About this exercise:
All the lines below should be set down exactly, with no picture carried into the copy.

★ ★ ★

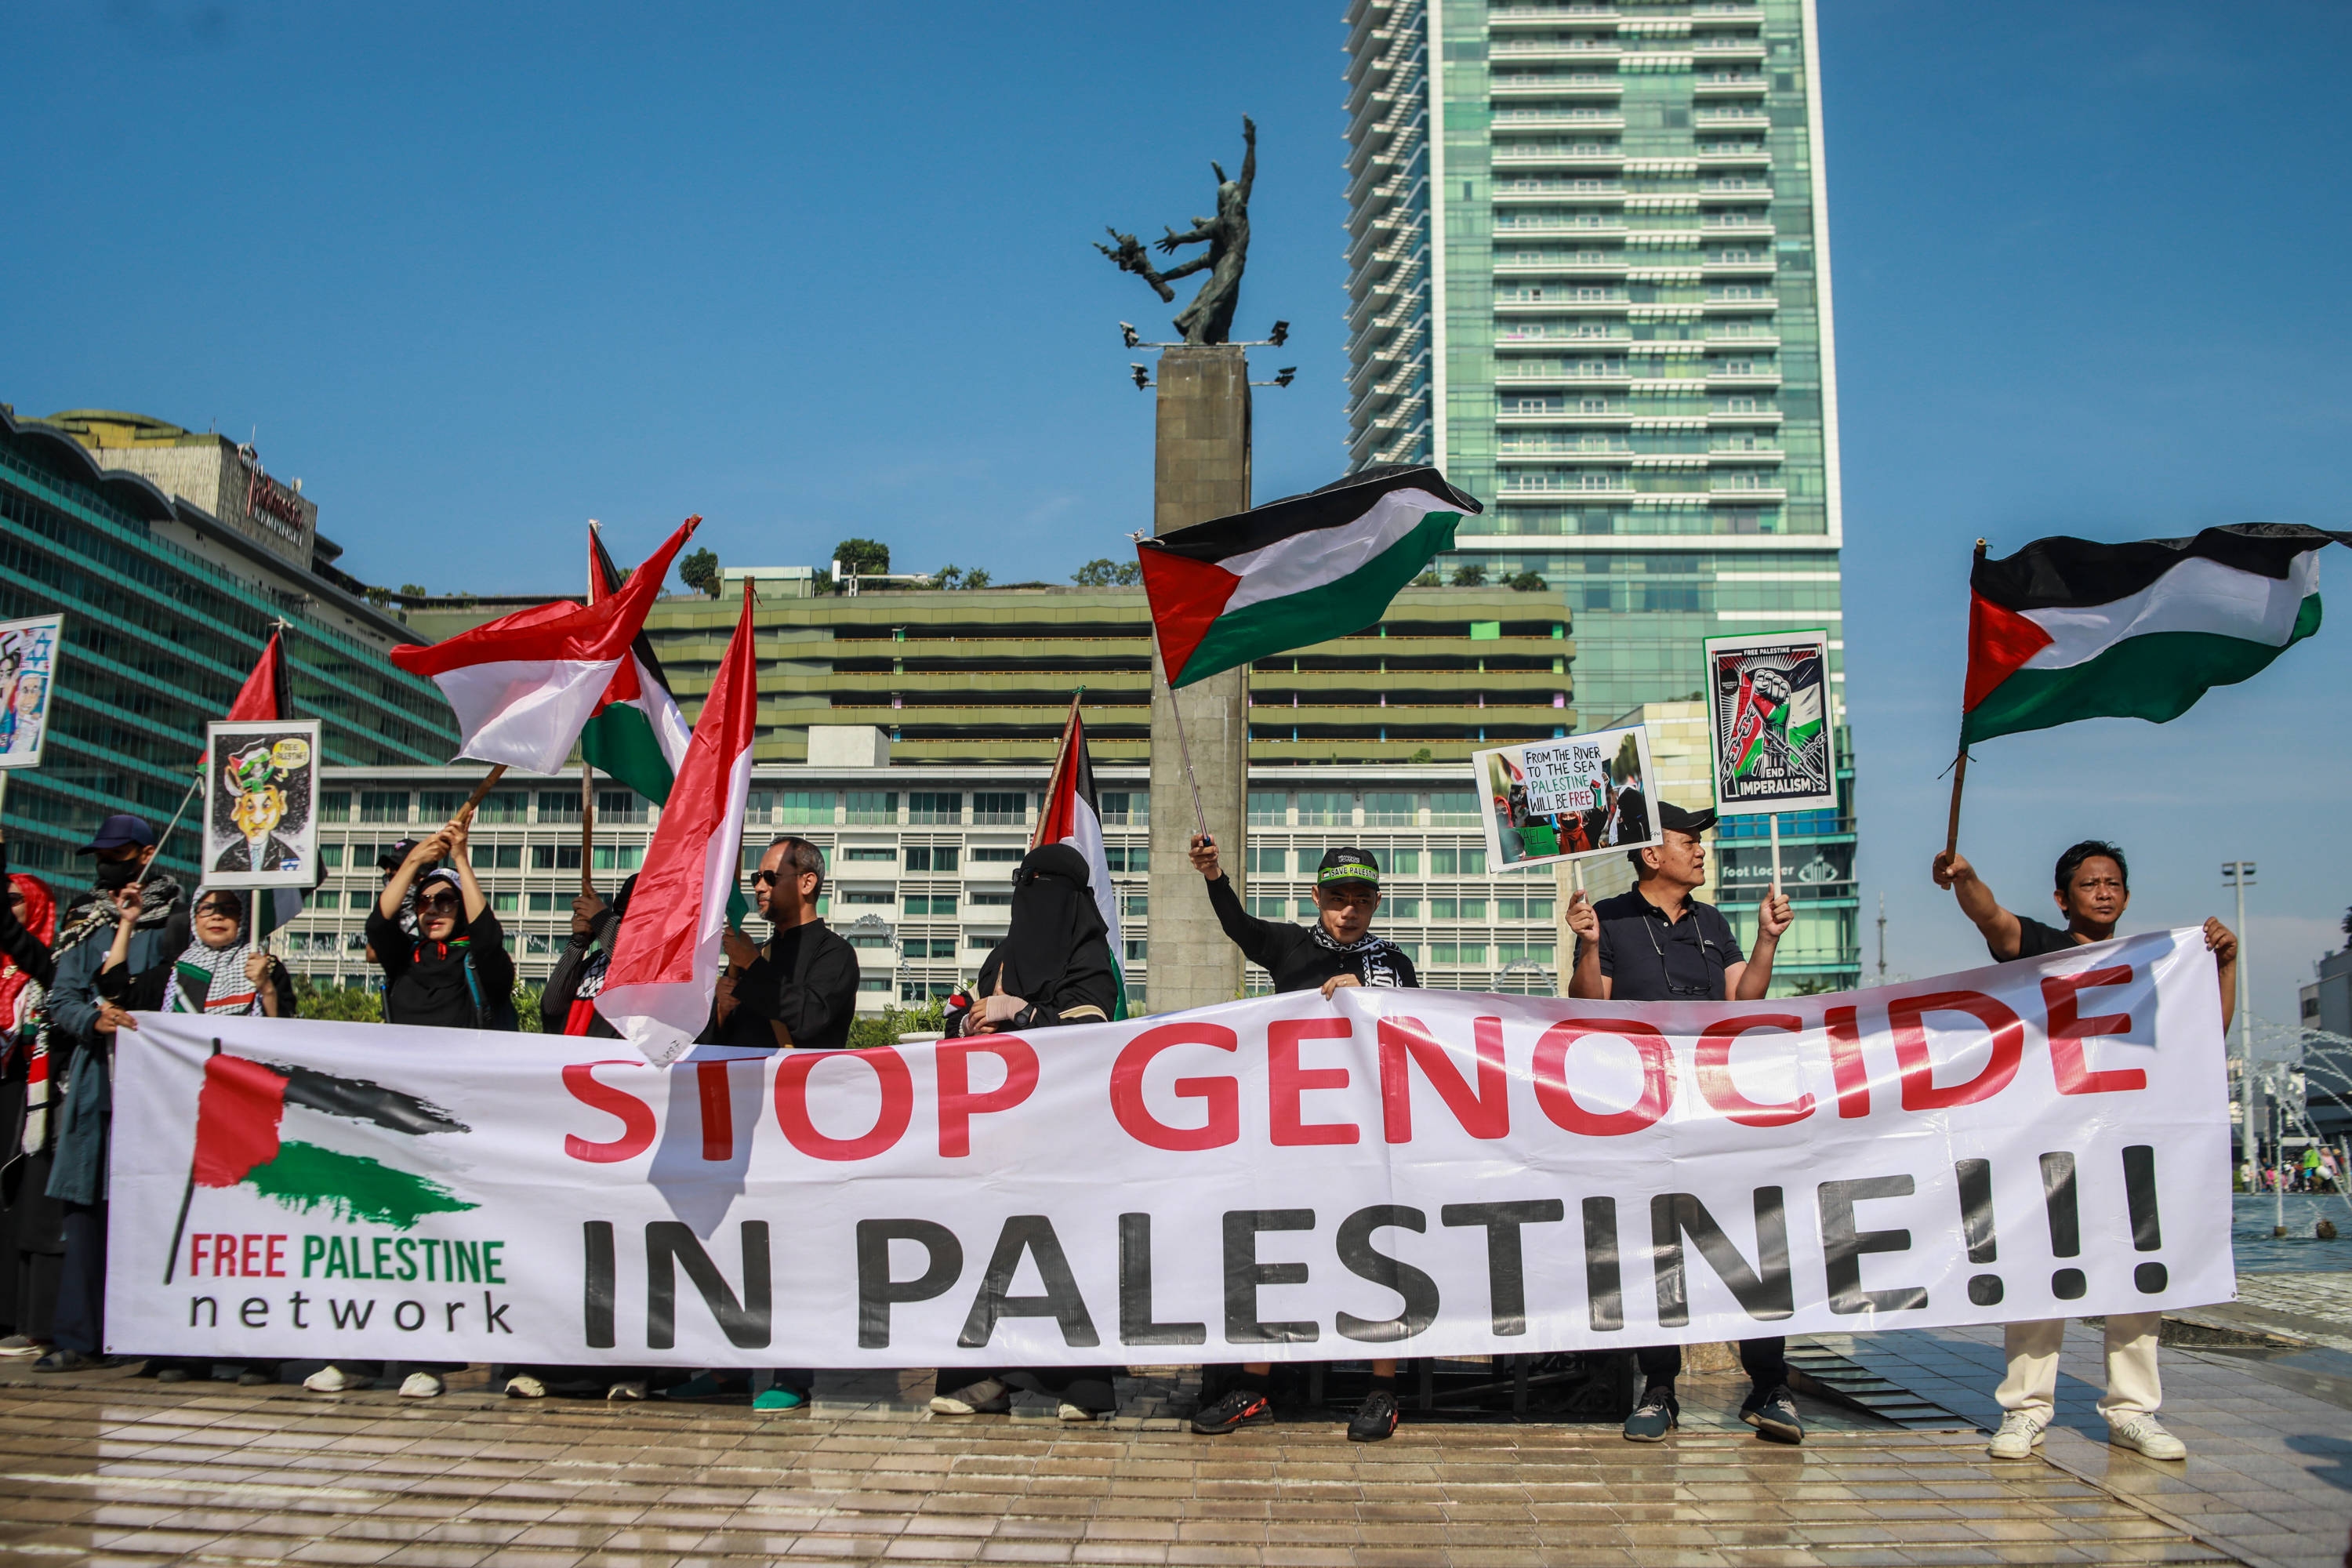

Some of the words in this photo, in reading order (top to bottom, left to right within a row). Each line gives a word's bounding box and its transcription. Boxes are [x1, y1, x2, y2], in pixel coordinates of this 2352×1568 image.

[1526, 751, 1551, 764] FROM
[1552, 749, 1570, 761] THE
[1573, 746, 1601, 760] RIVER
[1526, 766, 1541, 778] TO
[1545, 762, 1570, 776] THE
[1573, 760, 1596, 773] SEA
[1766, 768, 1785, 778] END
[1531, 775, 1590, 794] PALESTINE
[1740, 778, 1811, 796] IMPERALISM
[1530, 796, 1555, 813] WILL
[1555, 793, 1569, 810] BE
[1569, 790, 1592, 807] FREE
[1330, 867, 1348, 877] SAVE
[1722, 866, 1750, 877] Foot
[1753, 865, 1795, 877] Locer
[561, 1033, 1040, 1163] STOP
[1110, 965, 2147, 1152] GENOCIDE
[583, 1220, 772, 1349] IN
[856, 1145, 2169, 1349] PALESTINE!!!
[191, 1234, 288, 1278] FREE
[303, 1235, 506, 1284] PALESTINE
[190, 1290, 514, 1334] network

★ ★ ★

Task output:
Some of the words in this photo, in reading order (top to bottom, left to right within a row). Each line gives a word's bounding box and its transcription. Boxes are [x1, y1, x2, y2], in pixel coordinates of this 2352×1568 image.

[1526, 751, 1551, 764] FROM
[1552, 749, 1570, 761] THE
[1573, 746, 1601, 760] RIVER
[1526, 766, 1541, 778] TO
[1545, 762, 1570, 776] THE
[1573, 760, 1596, 773] SEA
[1766, 768, 1785, 778] END
[1531, 775, 1590, 794] PALESTINE
[1740, 778, 1811, 796] IMPERALISM
[1530, 796, 1555, 813] WILL
[1555, 793, 1569, 810] BE
[1569, 790, 1592, 807] FREE
[1330, 867, 1348, 877] SAVE
[1722, 866, 1750, 877] Foot
[1753, 865, 1795, 877] Locer
[561, 1033, 1040, 1163] STOP
[1110, 965, 2147, 1152] GENOCIDE
[583, 1220, 772, 1349] IN
[856, 1145, 2169, 1349] PALESTINE!!!
[191, 1234, 288, 1278] FREE
[303, 1235, 506, 1284] PALESTINE
[190, 1290, 514, 1334] network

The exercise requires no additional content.